What to produce » Set the records down again, exactly, without their images.

(Free-text object descriptions)
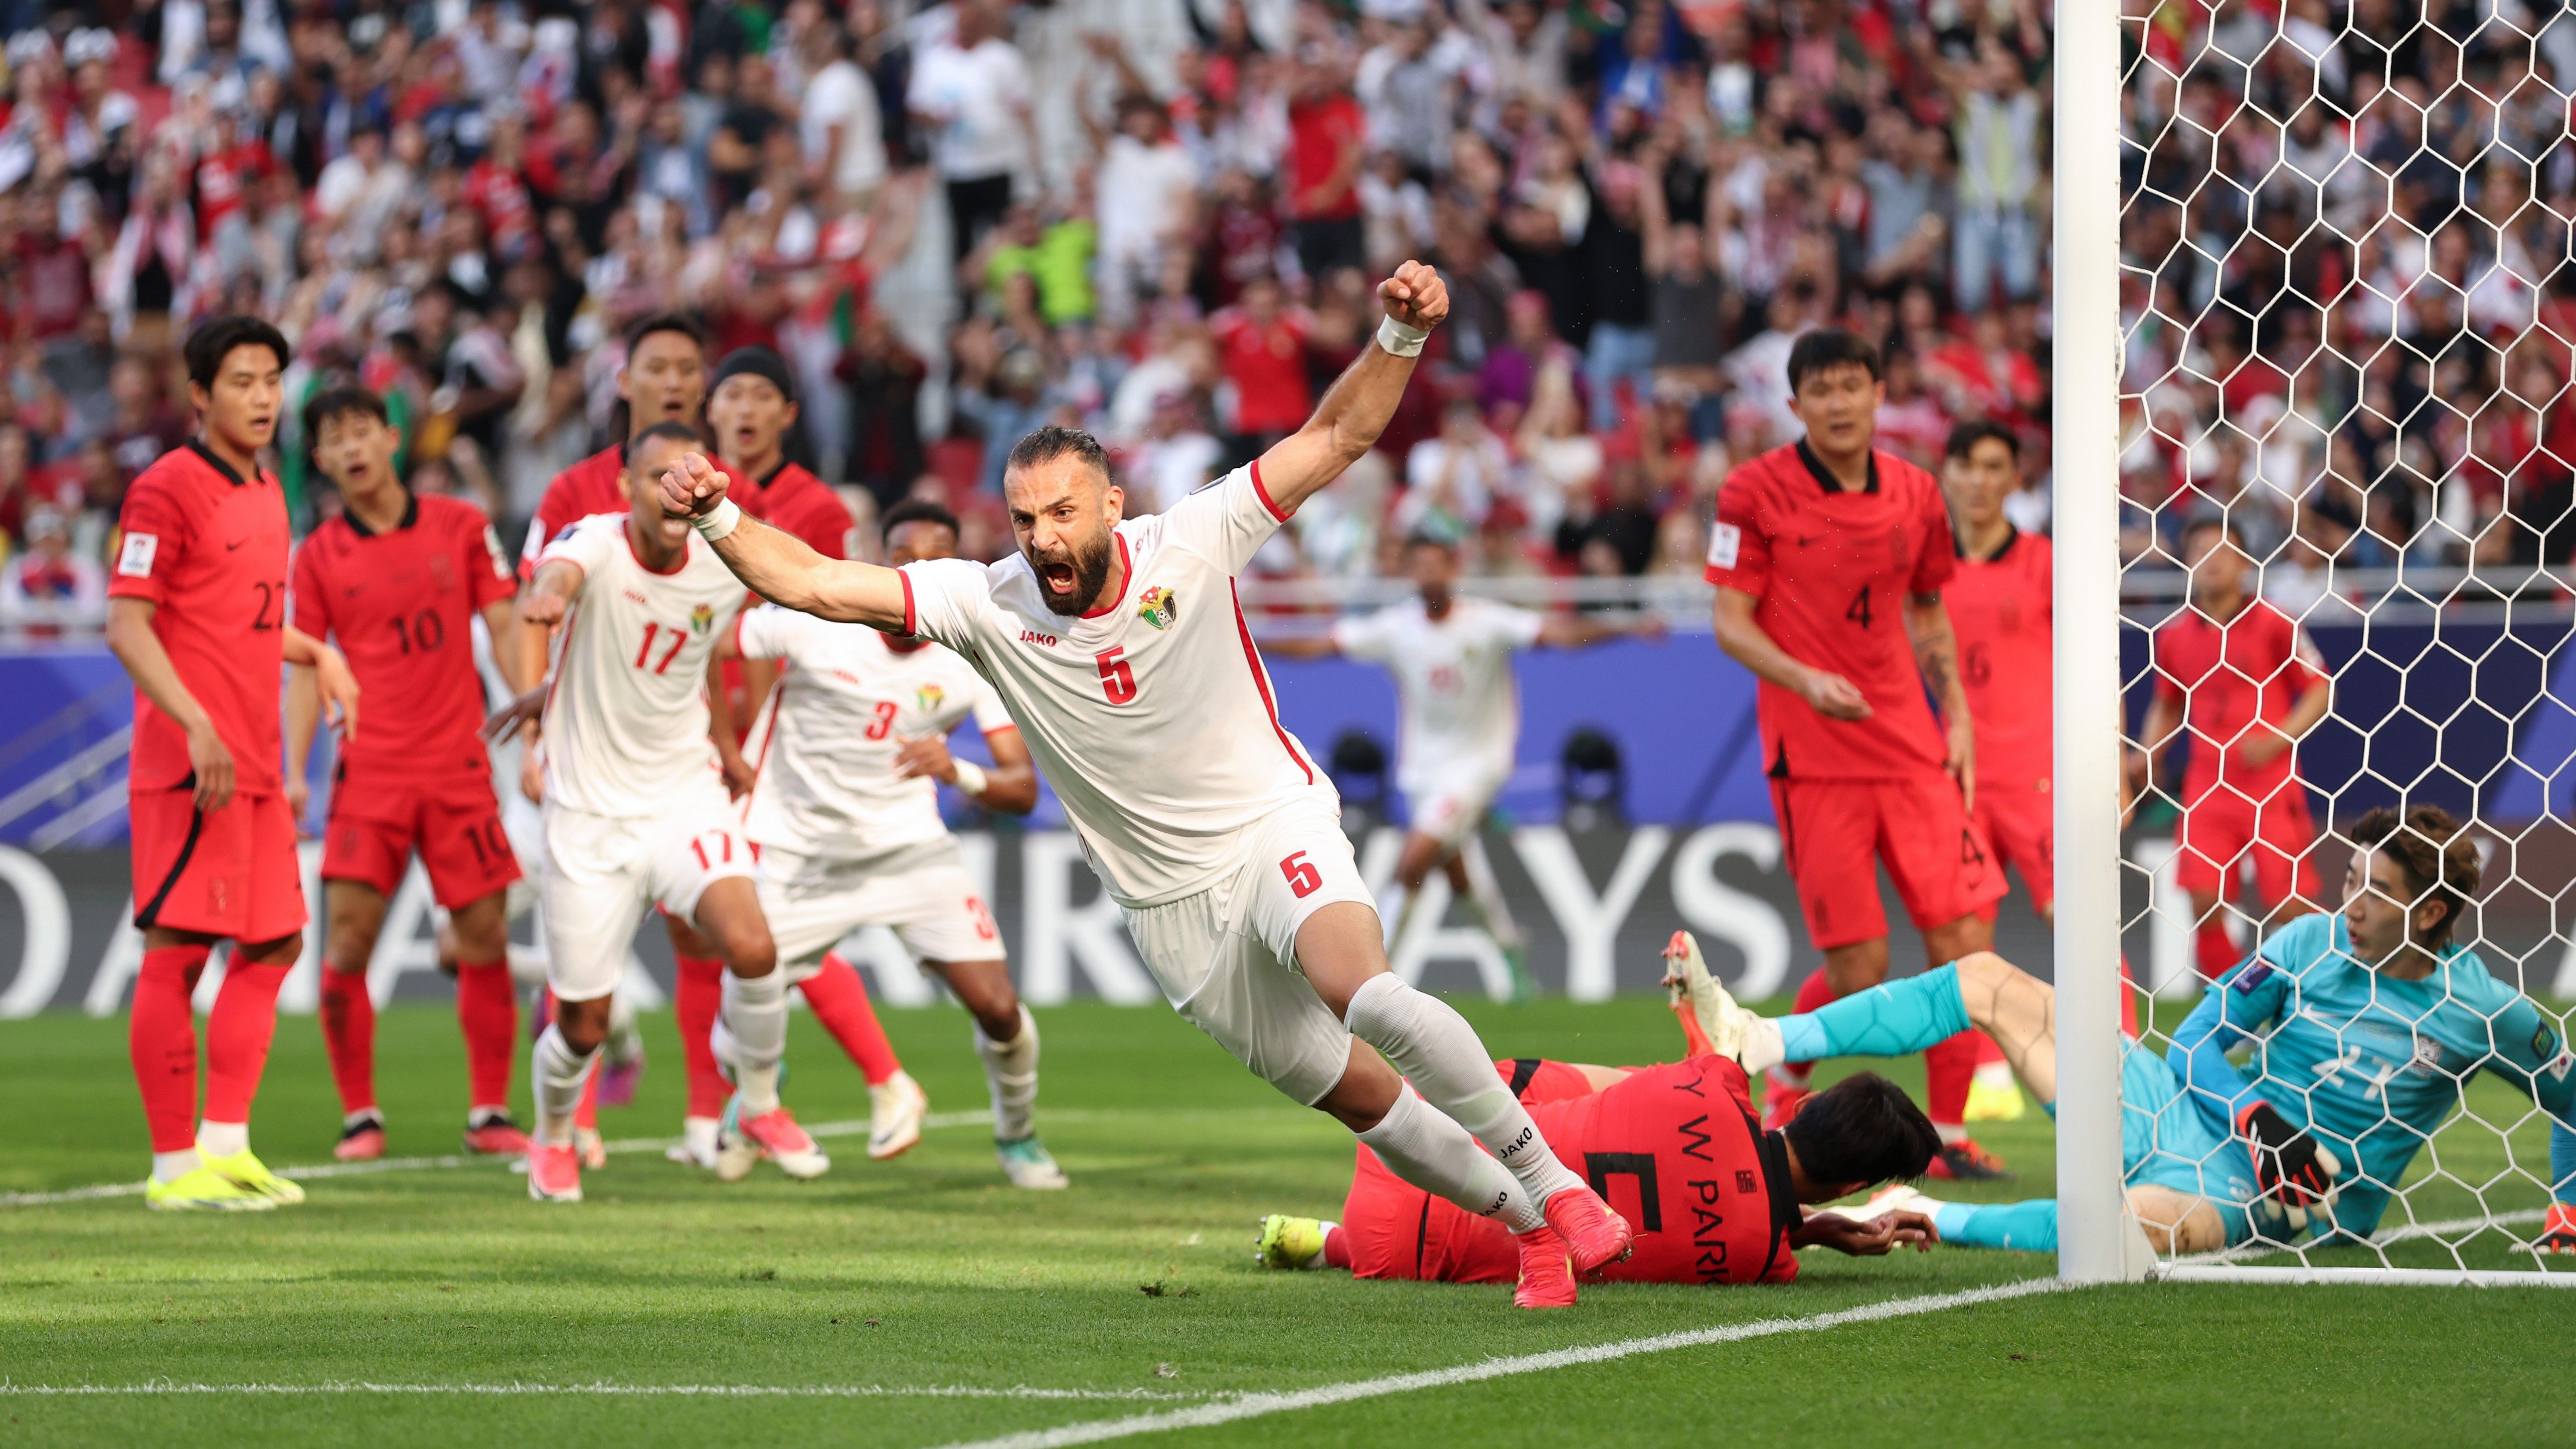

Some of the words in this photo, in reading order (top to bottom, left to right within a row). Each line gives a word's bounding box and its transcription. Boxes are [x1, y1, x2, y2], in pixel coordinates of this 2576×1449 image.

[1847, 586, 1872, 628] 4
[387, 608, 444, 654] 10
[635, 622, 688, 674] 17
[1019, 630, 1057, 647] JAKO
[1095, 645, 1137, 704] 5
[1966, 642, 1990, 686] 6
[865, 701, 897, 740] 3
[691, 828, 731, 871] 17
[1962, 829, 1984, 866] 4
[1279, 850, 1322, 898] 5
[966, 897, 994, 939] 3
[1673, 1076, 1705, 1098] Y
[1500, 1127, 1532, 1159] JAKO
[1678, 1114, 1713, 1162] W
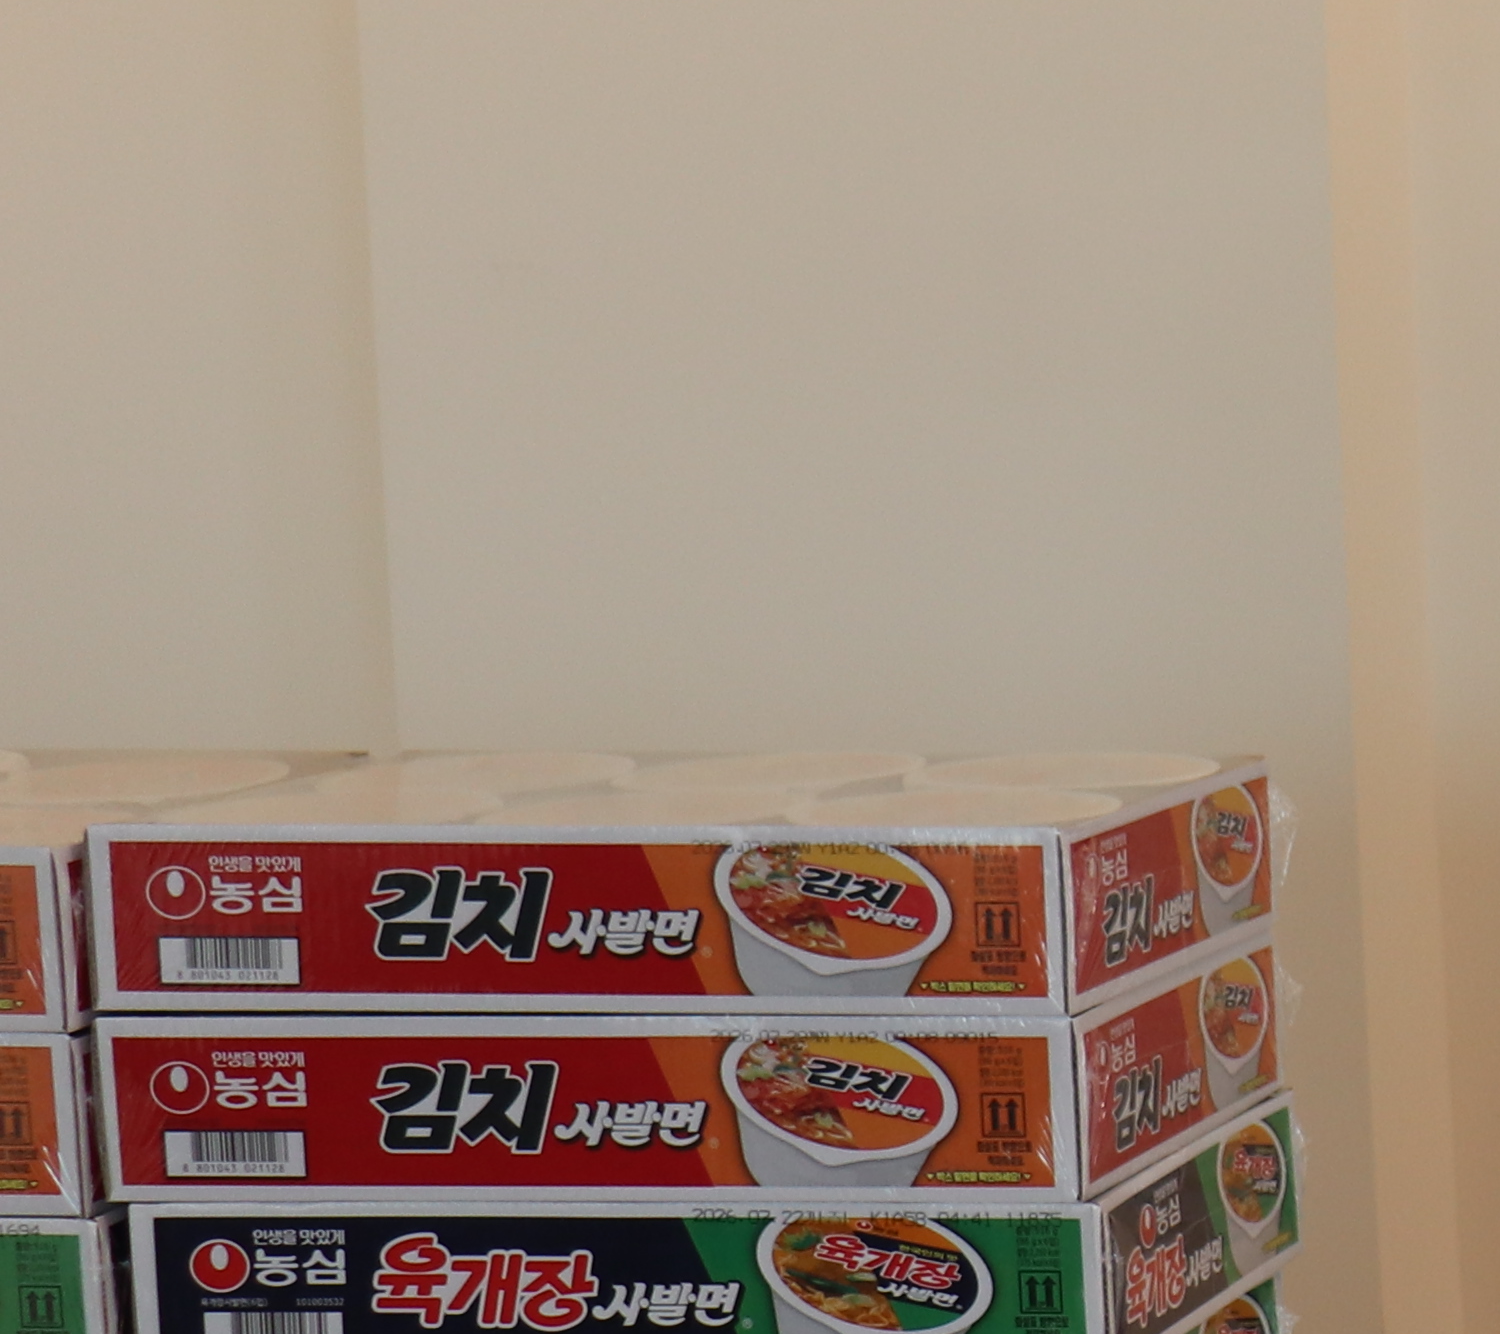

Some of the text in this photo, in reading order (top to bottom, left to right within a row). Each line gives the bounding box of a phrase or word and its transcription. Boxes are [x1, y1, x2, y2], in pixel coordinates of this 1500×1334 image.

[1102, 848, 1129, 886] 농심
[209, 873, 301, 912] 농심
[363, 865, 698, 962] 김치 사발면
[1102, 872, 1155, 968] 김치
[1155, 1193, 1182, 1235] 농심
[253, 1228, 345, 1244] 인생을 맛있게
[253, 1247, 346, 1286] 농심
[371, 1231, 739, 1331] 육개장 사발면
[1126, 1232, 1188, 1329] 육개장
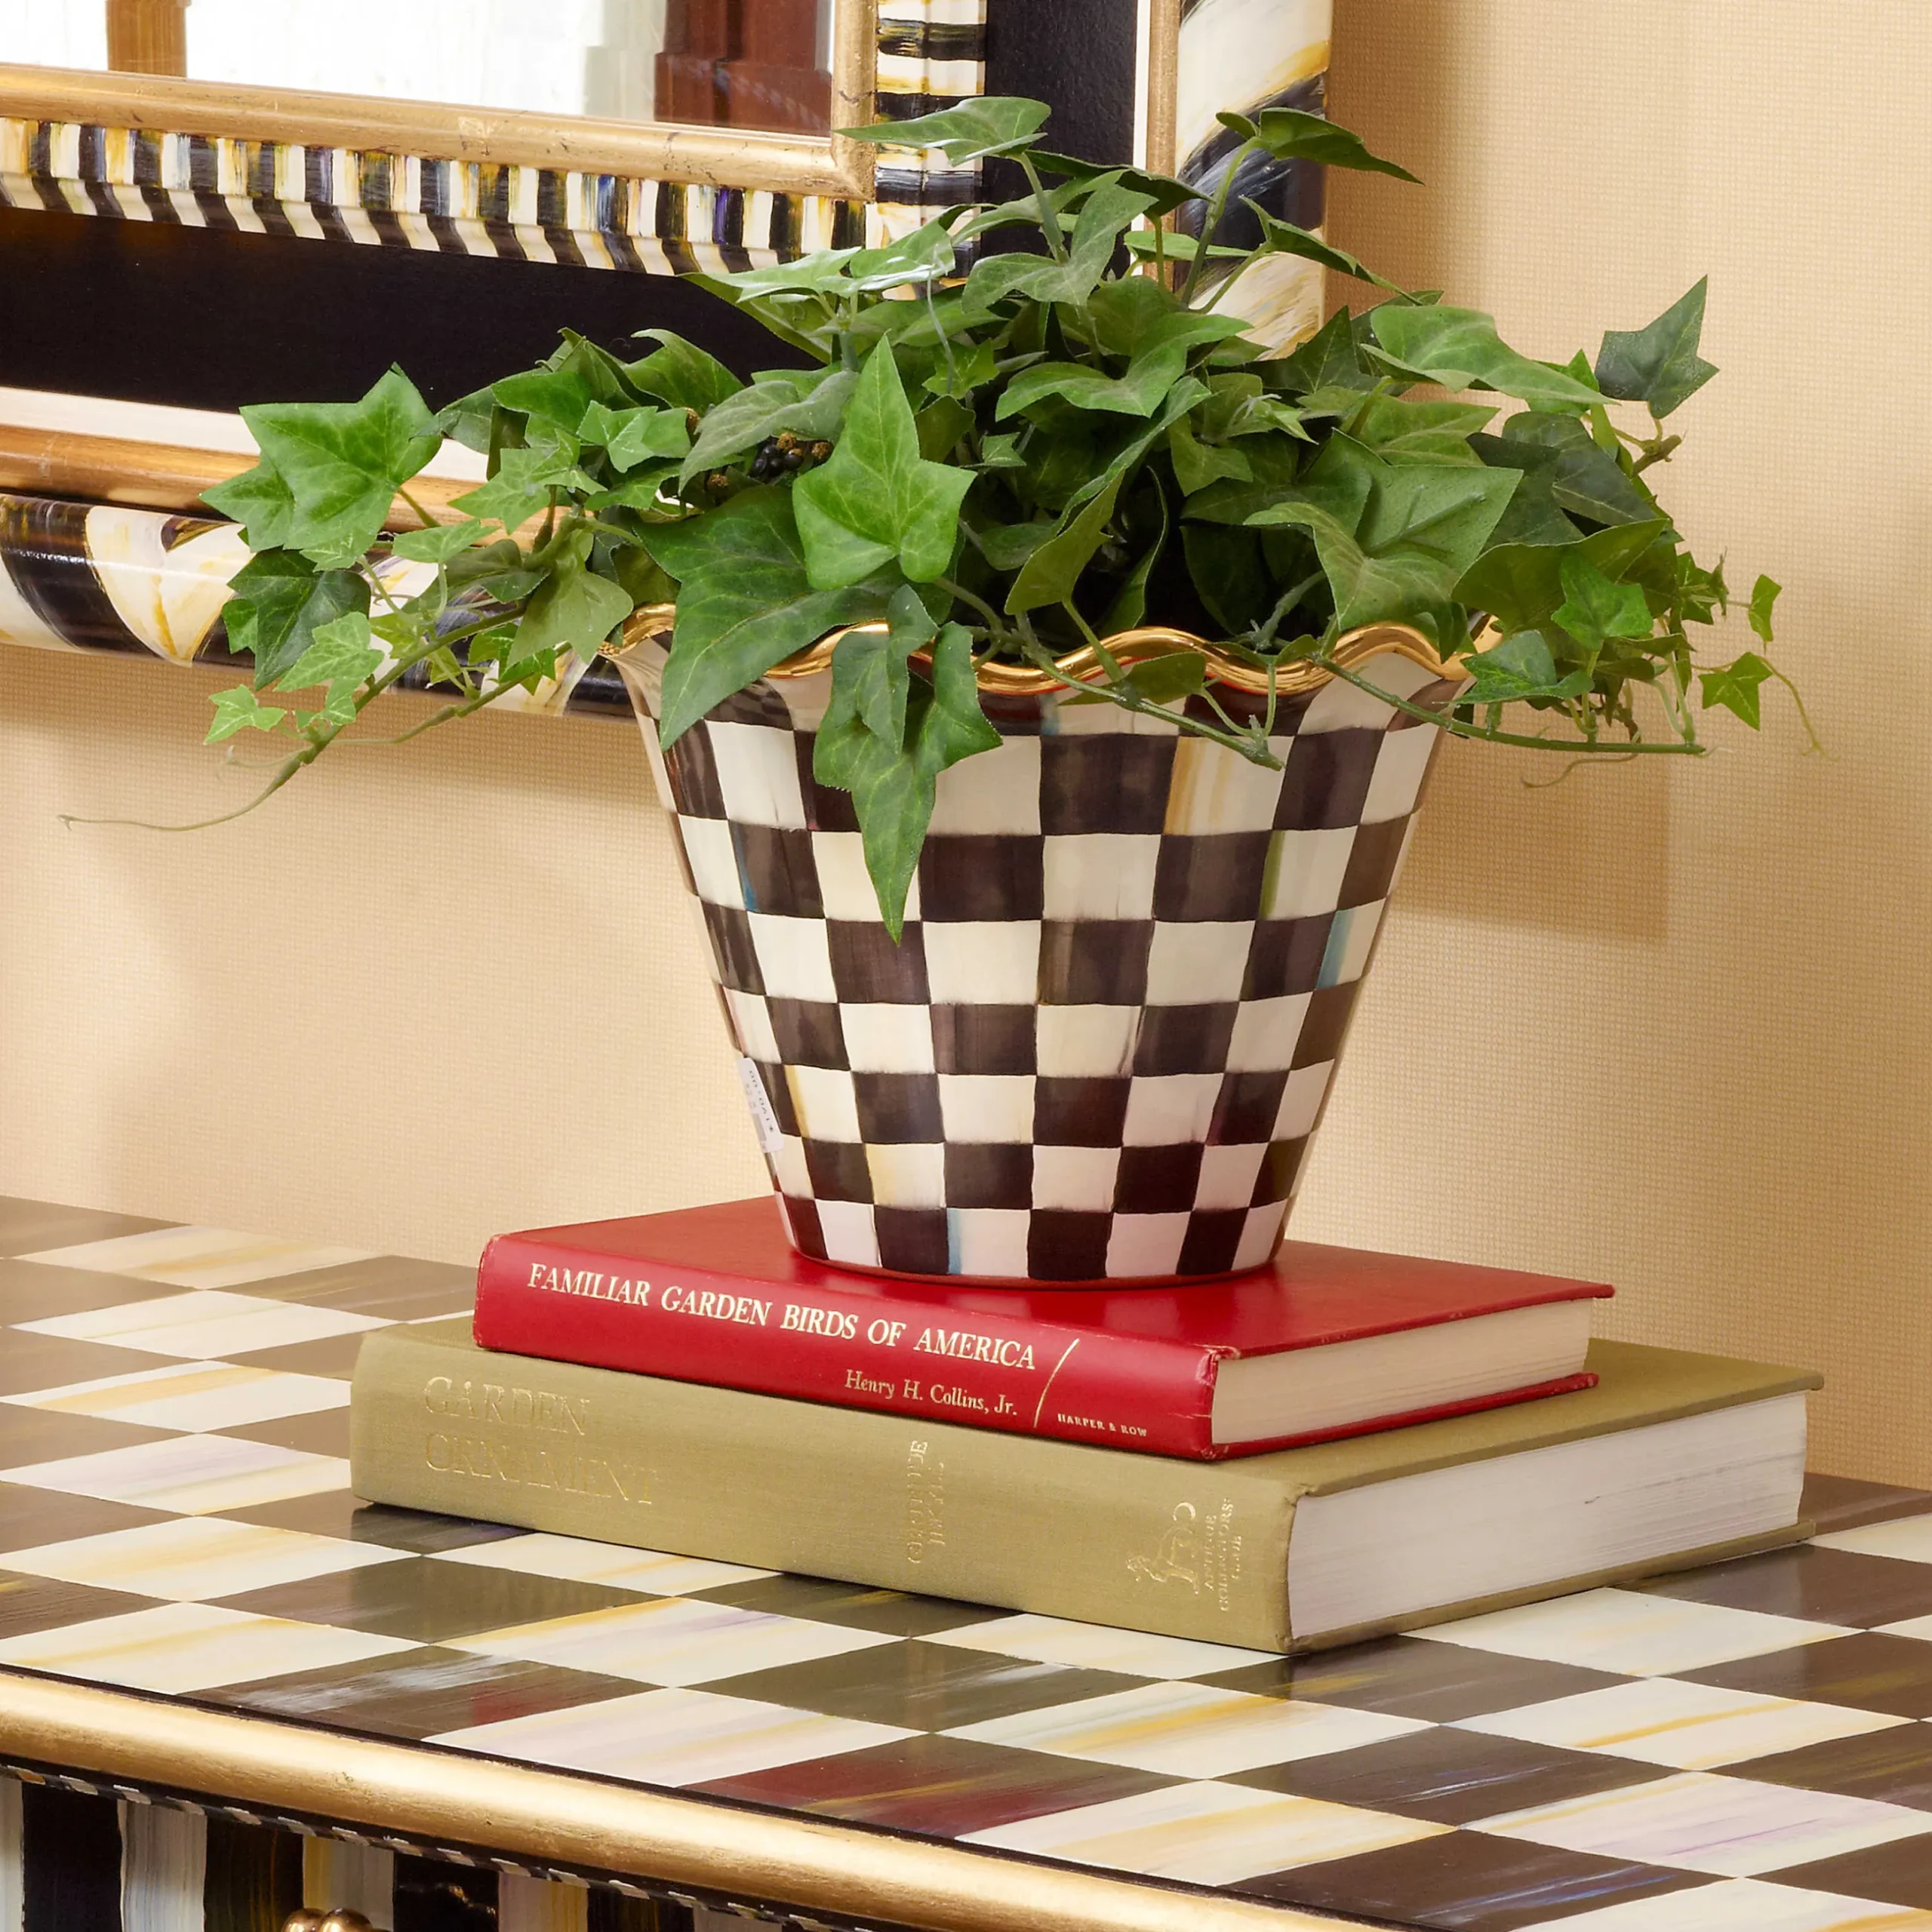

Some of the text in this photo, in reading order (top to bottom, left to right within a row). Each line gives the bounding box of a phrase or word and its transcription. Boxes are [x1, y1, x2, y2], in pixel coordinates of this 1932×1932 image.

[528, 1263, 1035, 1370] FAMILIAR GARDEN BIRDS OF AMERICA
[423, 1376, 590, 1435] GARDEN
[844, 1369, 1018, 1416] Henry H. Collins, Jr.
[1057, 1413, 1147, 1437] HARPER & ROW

Solution for this exercise »
Some of the words in this photo, in reading order (top to bottom, left to right within a row). Each line gives a word's bounding box and its transcription. Boxes are [x1, y1, x2, y2], in pixel coordinates of this 2576×1449 image.

[1847, 586, 1872, 628] 4
[387, 608, 444, 654] 10
[635, 622, 688, 674] 17
[1019, 630, 1057, 647] JAKO
[1095, 645, 1137, 704] 5
[1966, 642, 1990, 686] 6
[865, 701, 897, 740] 3
[691, 828, 731, 871] 17
[1962, 829, 1984, 866] 4
[1279, 850, 1322, 898] 5
[966, 897, 994, 939] 3
[1673, 1076, 1705, 1098] Y
[1500, 1127, 1532, 1159] JAKO
[1678, 1114, 1713, 1162] W

Some of the text in this photo, in reading order (top to bottom, left to right within a row). Each line gives the bounding box of a phrase or word and its transcription. Boxes are [x1, y1, x2, y2], in pixel coordinates of this 1500×1334 image.

[1102, 848, 1129, 886] 농심
[209, 873, 301, 912] 농심
[363, 865, 698, 962] 김치 사발면
[1102, 872, 1155, 968] 김치
[1155, 1193, 1182, 1235] 농심
[253, 1228, 345, 1244] 인생을 맛있게
[253, 1247, 346, 1286] 농심
[371, 1231, 739, 1331] 육개장 사발면
[1126, 1232, 1188, 1329] 육개장

Some of the text in this photo, in reading order (top to bottom, left to right within a row). Each line gives the bounding box of a phrase or word and its transcription. Boxes are [x1, y1, x2, y2], in pixel coordinates of this 1932×1932 image.

[528, 1263, 1035, 1370] FAMILIAR GARDEN BIRDS OF AMERICA
[423, 1376, 590, 1435] GARDEN
[844, 1369, 1018, 1416] Henry H. Collins, Jr.
[1057, 1413, 1147, 1437] HARPER & ROW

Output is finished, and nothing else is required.